Use the tiktoken package to tokenize text for OpenAI LLMs.

Ramu NarasingaRamu Narasinga
2 min read

In this article, you will learn how to use the tiktoken package to tokenize text for OpenAI LLMs. We will look at:

  1. What is tiktoken?

  2. tiktoken usage examples in Tiktokenizer app.

What is tiktoken?

If you need a programmatic interface for tokenizing text, check out tiktoken package for Python. For JavaScript, the community-supported @dbdq/tiktoken package works with most GPT models.

This @dbdq/tiktoken is officially recommended by the OpenAI and it is community supported.

tiktoken is a BPE tokeniser for use with OpenAI’s models, forked from the original tiktoken library to provide JS/WASM bindings for NodeJS and other JS runtimes.

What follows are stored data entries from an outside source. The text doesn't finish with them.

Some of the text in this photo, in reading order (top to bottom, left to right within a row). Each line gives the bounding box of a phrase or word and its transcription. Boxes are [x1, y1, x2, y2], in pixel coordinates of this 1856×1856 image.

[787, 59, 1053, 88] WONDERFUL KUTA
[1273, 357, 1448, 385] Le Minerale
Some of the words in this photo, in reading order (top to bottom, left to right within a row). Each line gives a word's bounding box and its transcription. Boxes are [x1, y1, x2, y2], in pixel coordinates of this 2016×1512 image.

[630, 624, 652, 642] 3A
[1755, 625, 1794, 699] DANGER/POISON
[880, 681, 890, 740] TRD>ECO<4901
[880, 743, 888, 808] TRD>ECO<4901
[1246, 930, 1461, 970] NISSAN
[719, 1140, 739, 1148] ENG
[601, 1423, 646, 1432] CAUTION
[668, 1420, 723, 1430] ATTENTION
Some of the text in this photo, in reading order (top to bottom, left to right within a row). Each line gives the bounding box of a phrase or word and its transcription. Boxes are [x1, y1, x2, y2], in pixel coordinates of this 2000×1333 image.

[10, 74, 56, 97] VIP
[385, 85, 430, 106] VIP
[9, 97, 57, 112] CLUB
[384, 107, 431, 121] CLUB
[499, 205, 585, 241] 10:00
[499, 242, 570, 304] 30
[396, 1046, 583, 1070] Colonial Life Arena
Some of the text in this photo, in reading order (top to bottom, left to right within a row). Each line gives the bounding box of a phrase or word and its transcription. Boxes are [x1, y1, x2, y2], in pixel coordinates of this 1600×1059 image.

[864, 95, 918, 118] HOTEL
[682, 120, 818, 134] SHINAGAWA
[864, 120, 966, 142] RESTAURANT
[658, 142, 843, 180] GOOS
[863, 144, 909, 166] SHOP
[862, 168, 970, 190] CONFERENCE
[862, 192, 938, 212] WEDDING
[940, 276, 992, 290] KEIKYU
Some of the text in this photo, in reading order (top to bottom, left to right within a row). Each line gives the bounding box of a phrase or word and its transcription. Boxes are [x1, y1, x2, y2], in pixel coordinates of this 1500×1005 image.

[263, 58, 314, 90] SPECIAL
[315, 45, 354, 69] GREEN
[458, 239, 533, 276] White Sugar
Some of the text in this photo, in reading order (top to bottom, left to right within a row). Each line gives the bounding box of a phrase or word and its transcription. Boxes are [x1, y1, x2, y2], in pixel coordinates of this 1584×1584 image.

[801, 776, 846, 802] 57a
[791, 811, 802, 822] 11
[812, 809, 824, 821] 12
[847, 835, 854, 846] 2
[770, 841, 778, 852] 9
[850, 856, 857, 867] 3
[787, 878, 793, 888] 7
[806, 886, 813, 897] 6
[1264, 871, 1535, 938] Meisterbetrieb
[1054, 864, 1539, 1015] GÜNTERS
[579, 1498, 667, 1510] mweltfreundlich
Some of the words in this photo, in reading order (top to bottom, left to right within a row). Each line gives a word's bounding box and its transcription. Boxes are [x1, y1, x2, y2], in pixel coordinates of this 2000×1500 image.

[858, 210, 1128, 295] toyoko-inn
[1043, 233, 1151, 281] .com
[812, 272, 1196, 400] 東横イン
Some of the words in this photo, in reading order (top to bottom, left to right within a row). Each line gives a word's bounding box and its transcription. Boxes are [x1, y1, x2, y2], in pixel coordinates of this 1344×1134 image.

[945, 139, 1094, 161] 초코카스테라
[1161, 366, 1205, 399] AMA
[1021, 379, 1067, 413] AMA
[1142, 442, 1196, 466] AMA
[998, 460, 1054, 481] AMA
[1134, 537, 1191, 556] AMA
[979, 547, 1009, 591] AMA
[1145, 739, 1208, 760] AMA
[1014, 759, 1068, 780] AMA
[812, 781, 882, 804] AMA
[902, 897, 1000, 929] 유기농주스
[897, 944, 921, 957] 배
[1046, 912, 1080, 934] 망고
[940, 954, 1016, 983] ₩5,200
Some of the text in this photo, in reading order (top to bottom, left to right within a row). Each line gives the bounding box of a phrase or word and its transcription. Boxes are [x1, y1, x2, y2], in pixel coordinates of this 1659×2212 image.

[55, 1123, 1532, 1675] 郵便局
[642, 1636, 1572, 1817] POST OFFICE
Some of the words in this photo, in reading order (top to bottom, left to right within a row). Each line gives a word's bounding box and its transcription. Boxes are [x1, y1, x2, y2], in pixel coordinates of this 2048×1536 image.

This repository contains the following packages:

  • tiktoken (formally hosted at @dqbd/tiktoken): WASM bindings for the original Python library, providing full 1-to-1 feature parity.

  • js-tiktoken: Pure JavaScript port of the original library with the core functionality, suitable for environments where WASM is not well supported or not desired (such as edge runtimes).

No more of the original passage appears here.